Cinémasteak

Regard persan

d'Lëtzebuerger Land vom 30.06.2023

« Dans ma nuit, si brève, hélas, le vent a rendez-vous avec les feuilles. / Ma nuit si brève est remplie de l’angoisse dévastatrice. / Écoute ! Entends-tu le souffle des ténèbres ? / De ce bonheur je me sens étrangère. /.../ Derrière cette fenêtre, un inconnu s’inquiète pour toi et moi. / Toi, tout verdoyant, pose tes mains – ces souvenirs ardents – sur mes mains amoureuses, / Et confie tes lèvres, repues de la chaleur de la vie, aux caresses de mes lèvres amoureuses. / Le vent nous emportera. / Le vent nous emportera. » De ce dernier vers de la poétesse Forough Farrokhzad (1935-1967), également auteure d’un unique film (La Maison est noire, 1963), provient le titre du célèbre film de son compatriote Abbas Kiarostami (1940-2016).

Cinéaste, Abbas Kiarostami fut également poète, peintre et photographe. Tout cela affleure dans Le vent nous emportera (1999), dès les premières images. Une Jeep se perd dans l’immensité du désert du Kurdistan iranien, au milieu des courbes montagneuses et d’une mosaïque de couleurs : irruption soudaine de la modernité au sein d’une antique civilisation pastorale. Ici, la carte est inutile aux voyageurs : on s’oriente en observant les quelques arbres ponctuant le paysage. Nulle voie droite, mais des lignes serpentines que forme un chemin de terre à peine esquissé. La destination est inconnue, comme les motivations conduisant trois hommes à entreprendre ce séjour en cette contrée reculée. En quelques images et beaucoup d’égarement, une métaphore de la vie est filée sous nos yeux, et dans laquelle, comme le vent, nous faisons que transiter, et murmurer au contact de feuilles rencontrées au hasard. Finies les certitudes rassurantes et illusoires sur la vie. Car c’est un océan de mystère que l’on rencontre dans ce désert où l’on est jeté dès notre arrivée.

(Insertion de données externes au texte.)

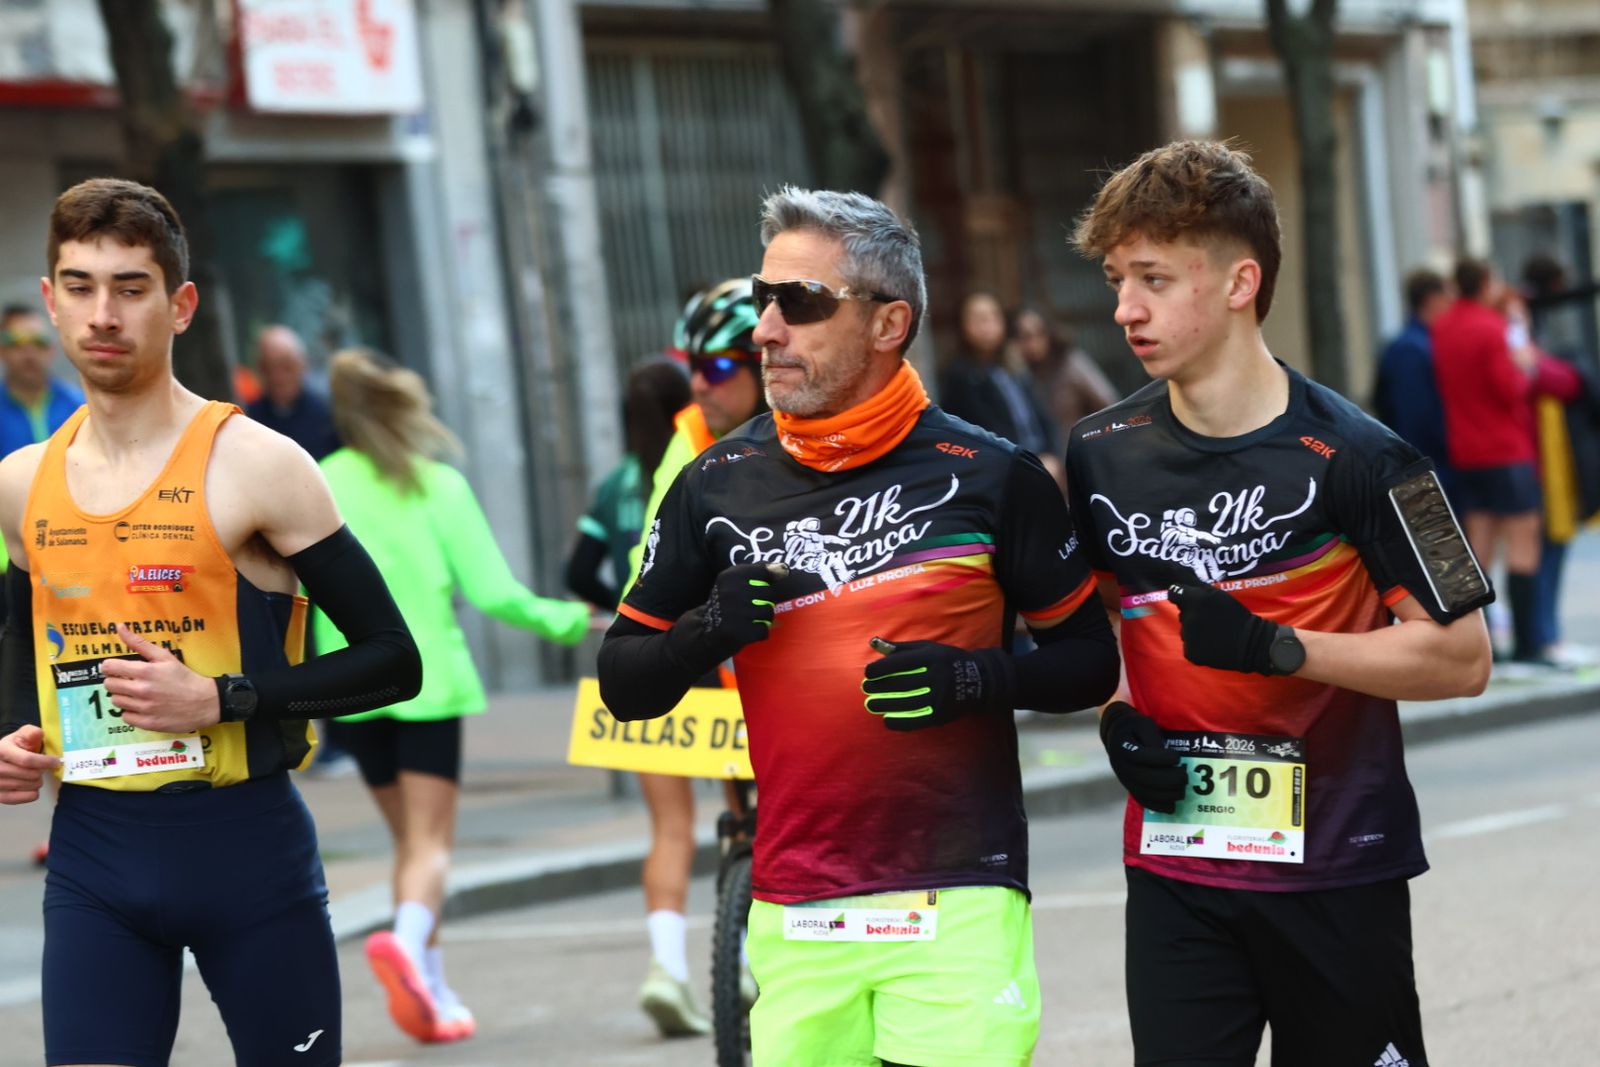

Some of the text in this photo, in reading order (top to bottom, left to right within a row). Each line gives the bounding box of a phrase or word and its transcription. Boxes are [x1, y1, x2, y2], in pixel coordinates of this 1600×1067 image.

[936, 442, 980, 460] 42K
[1299, 435, 1337, 459] 42K
[158, 486, 195, 503] EKT
[162, 533, 195, 541] DENTAL
[1090, 494, 1292, 566] Salamanca
[138, 568, 182, 580] A.ELICES
[796, 592, 825, 609] CON
[850, 575, 876, 592] LUZ
[878, 564, 926, 584] PROPIA
[1220, 573, 1288, 592] LUZ PROPIA
[62, 622, 118, 636] ESCUELA
[108, 725, 135, 734] DIEGO
[590, 707, 697, 748] SILLAS
[1225, 738, 1255, 751] 2026
[136, 753, 188, 768] bedunia
[1180, 763, 1272, 799] 310
[1197, 804, 1236, 814] SERGIO
[1149, 833, 1186, 844] LABORAL
[1226, 842, 1286, 856] bedunia
[791, 919, 829, 929] LABORAL
[866, 923, 921, 935] bedunia

Pour perdre nos habitudes, pour se mettre à nu, rien de mieux qu’une halte dans l’un de ces villages aux ruelles escarpées. À l’instar du protagoniste, que les villageois appellent « Monsieur l’ingénieur » quand bien même il ne l’est point. Alter ego du cinéaste, il est venu pour tourner un reportage sur un rite funéraire avec deux autres compères que l’on ne voit jamais au cours de cette échappée. Dans ce monde hiératique, il est seul à s’agiter, arc-bouté sur son téléphone portable. Un symptôme d’époque, qui n’ira qu’en s’accentuant les années suivantes.

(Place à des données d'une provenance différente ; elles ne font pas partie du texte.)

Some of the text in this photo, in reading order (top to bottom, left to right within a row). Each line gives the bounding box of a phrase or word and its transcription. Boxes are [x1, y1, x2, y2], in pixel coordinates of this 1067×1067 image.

Dans ce film-poème au cheminement incertain, sans dénouement ni intrigue, Kiarostami reconfigure la notion même de récit telle que celle-ci fut traditionnellement définie par Aristote dans sa Poétique. Il n’y a plus d’enchaînement de cause à effet, mais plutôt des coïncidences disséminées çà et là. Partout il y a présence initiatique des enfants, qui enseignent un adulte pressé (d’en finir) et si peu assagi : c’est là sans doute une lointaine réminiscence pour Kiarostami, qui débuta sa carrière au Kanoun, l’Institut pour le développement de l’intelligence des enfants, à Téhéran. Une vieille femme meurt, enfin. L’eau emporte au loin un os qui sommeillait en terre. Le cycle de la vie continue et nous emportera (à suivre).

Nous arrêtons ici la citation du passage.